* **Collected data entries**
----------
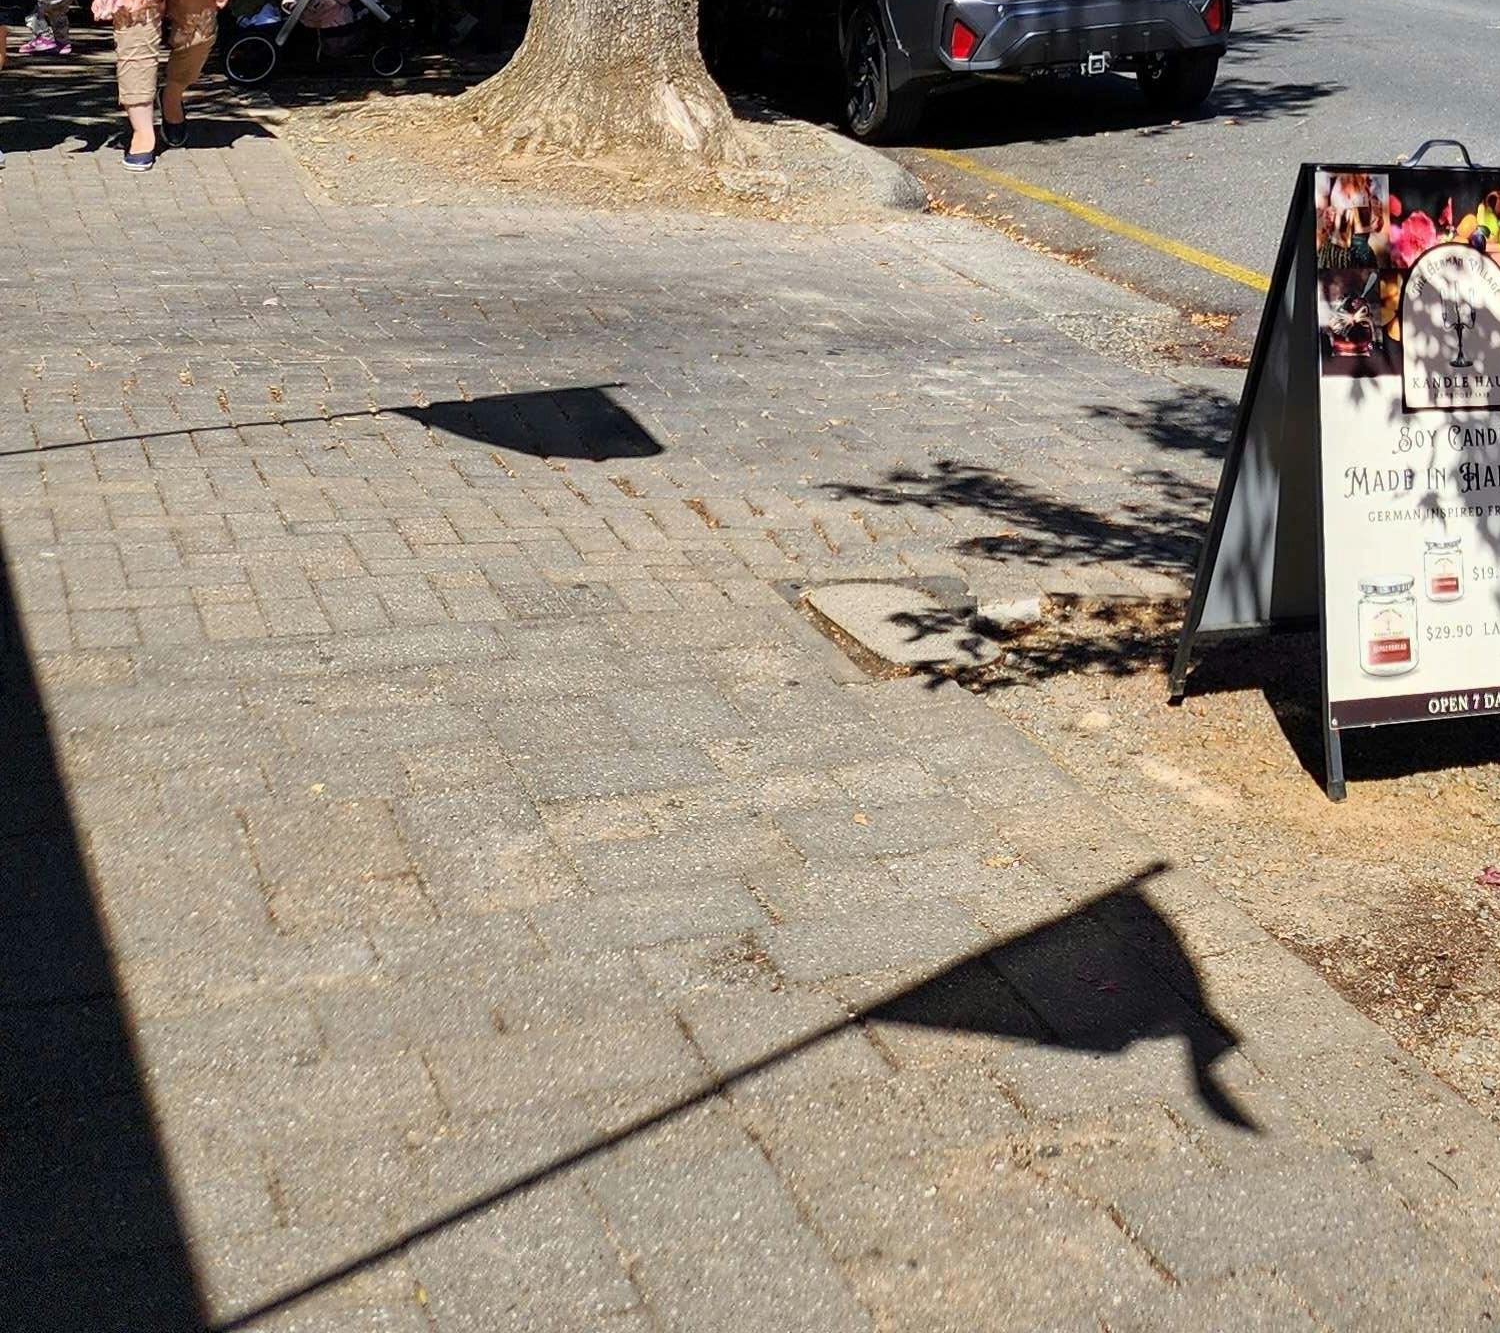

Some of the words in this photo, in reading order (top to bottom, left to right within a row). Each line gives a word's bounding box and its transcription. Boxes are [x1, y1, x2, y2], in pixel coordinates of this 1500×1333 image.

[1412, 376, 1469, 389] KANDLE
[1391, 426, 1439, 455] SOY
[1343, 465, 1416, 499] MADE
[1426, 467, 1447, 492] IN
[1368, 508, 1421, 523] GERMAN
[1423, 505, 1484, 520] INSPIRED
[1426, 624, 1473, 641] $29.90
[1428, 694, 1469, 714] OPEN
[1472, 693, 1480, 710] 7
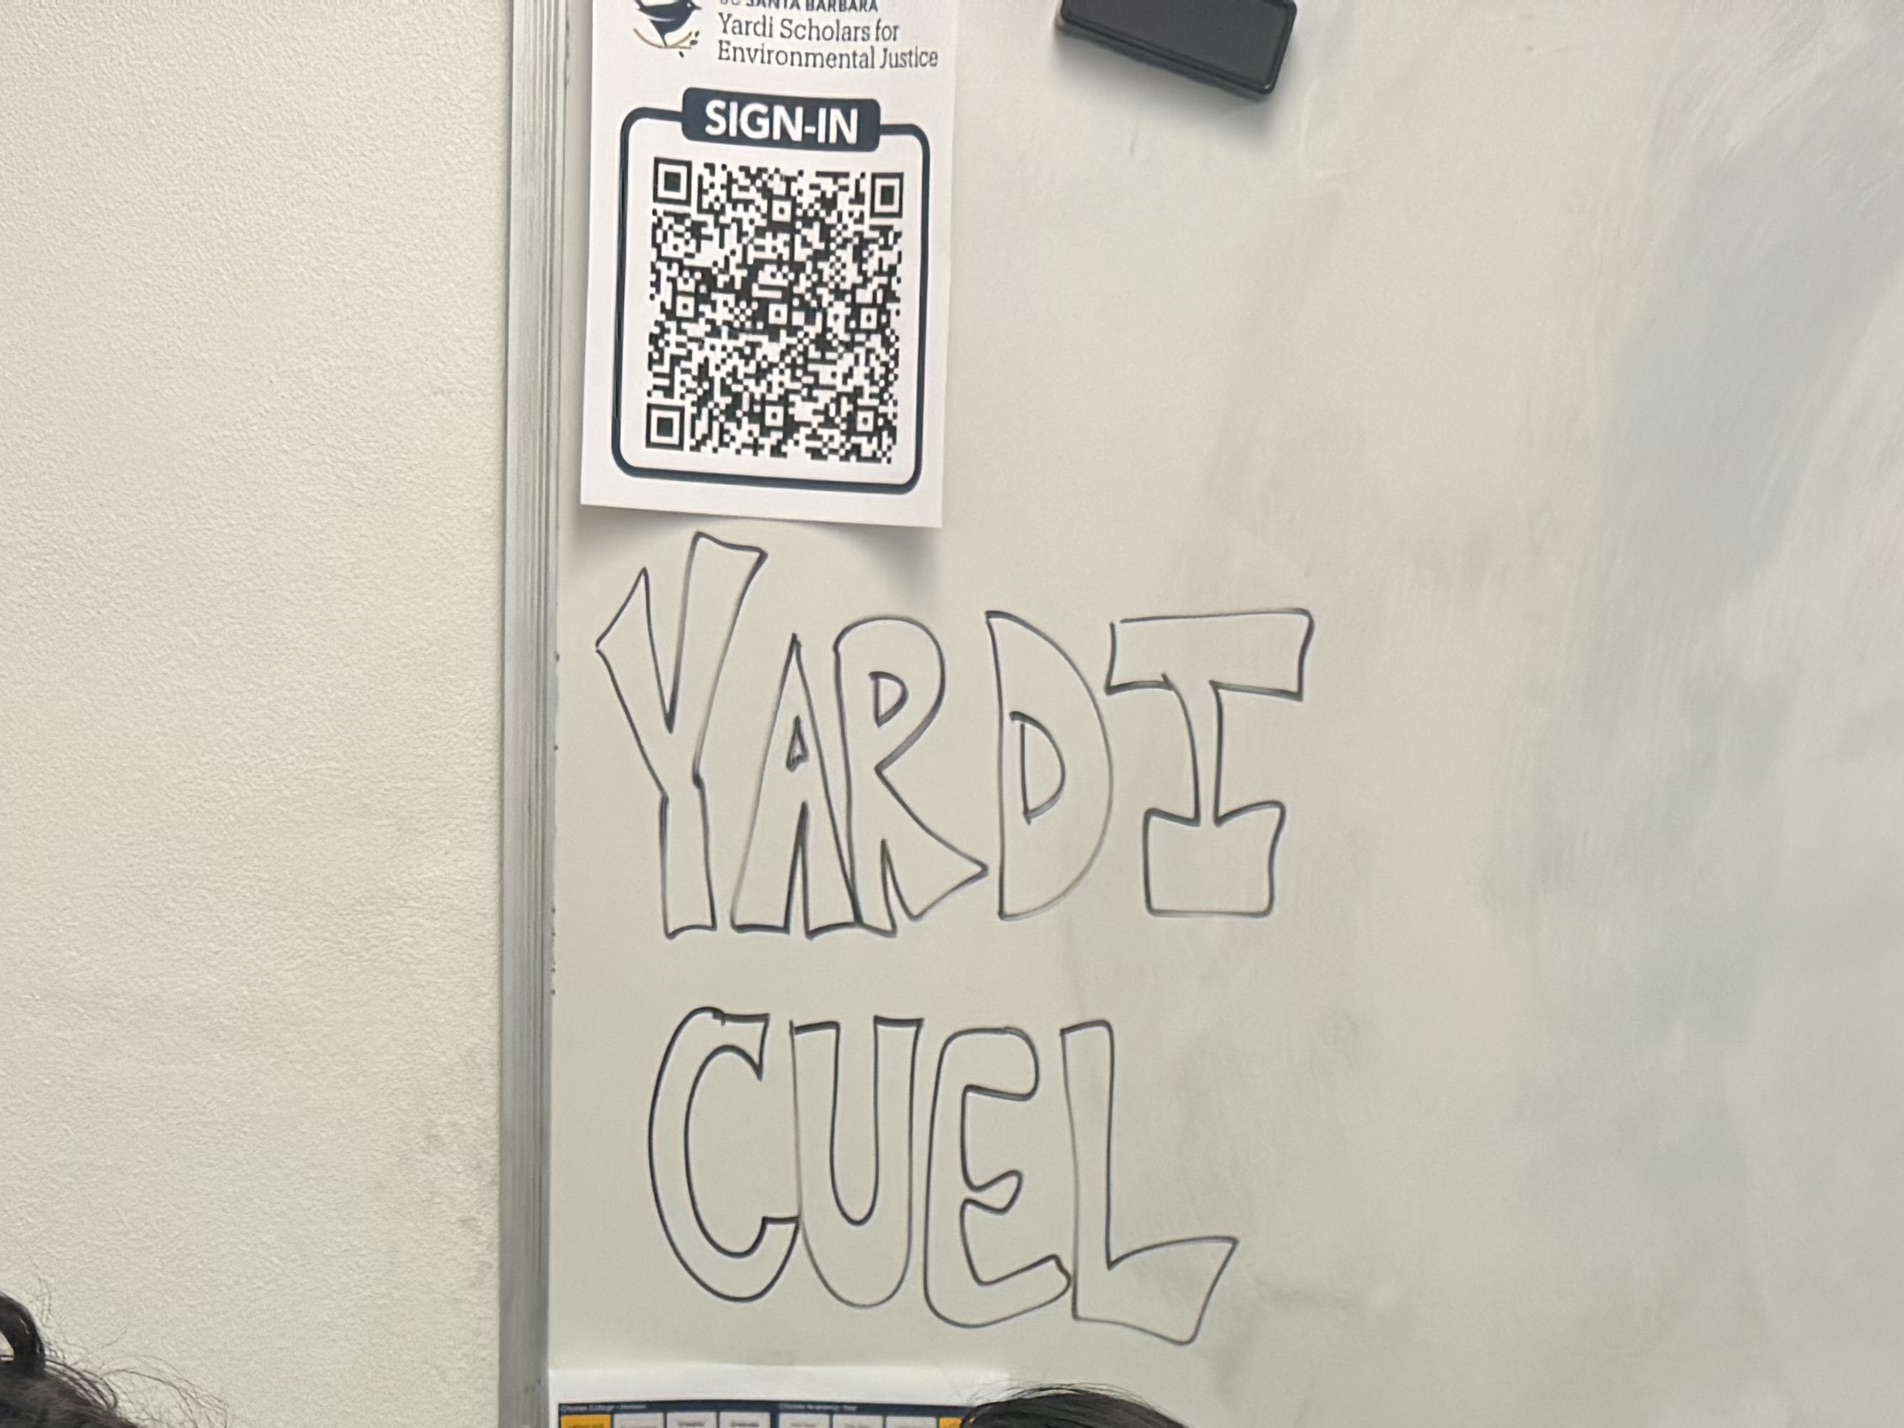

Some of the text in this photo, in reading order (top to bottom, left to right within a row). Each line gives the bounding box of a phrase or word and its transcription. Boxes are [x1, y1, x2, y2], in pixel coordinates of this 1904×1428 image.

[805, 0, 878, 12] BARBARA
[717, 11, 900, 42] Yardi Scholars for
[717, 39, 939, 69] Environmental Justice
[704, 99, 859, 145] SIGN-IN
[595, 530, 1314, 939] YARDI
[647, 1005, 1240, 1346] CUEL
----------
* **Instructions for the task**
In the copy, include no pictures; otherwise transcribe the entries exactly.

* **Exercise response**
Some of the words in this photo, in reading order (top to bottom, left to right within a row). Each line gives a word's bounding box and its transcription. Boxes are [x1, y1, x2, y2], in pixel coordinates of this 1500×1333 image.

[1412, 376, 1469, 389] KANDLE
[1391, 426, 1439, 455] SOY
[1343, 465, 1416, 499] MADE
[1426, 467, 1447, 492] IN
[1368, 508, 1421, 523] GERMAN
[1423, 505, 1484, 520] INSPIRED
[1426, 624, 1473, 641] $29.90
[1428, 694, 1469, 714] OPEN
[1472, 693, 1480, 710] 7

Some of the text in this photo, in reading order (top to bottom, left to right within a row). Each line gives the bounding box of a phrase or word and its transcription. Boxes are [x1, y1, x2, y2], in pixel coordinates of this 1904×1428 image.

[805, 0, 878, 12] BARBARA
[717, 11, 900, 42] Yardi Scholars for
[717, 39, 939, 69] Environmental Justice
[704, 99, 859, 145] SIGN-IN
[595, 530, 1314, 939] YARDI
[647, 1005, 1240, 1346] CUEL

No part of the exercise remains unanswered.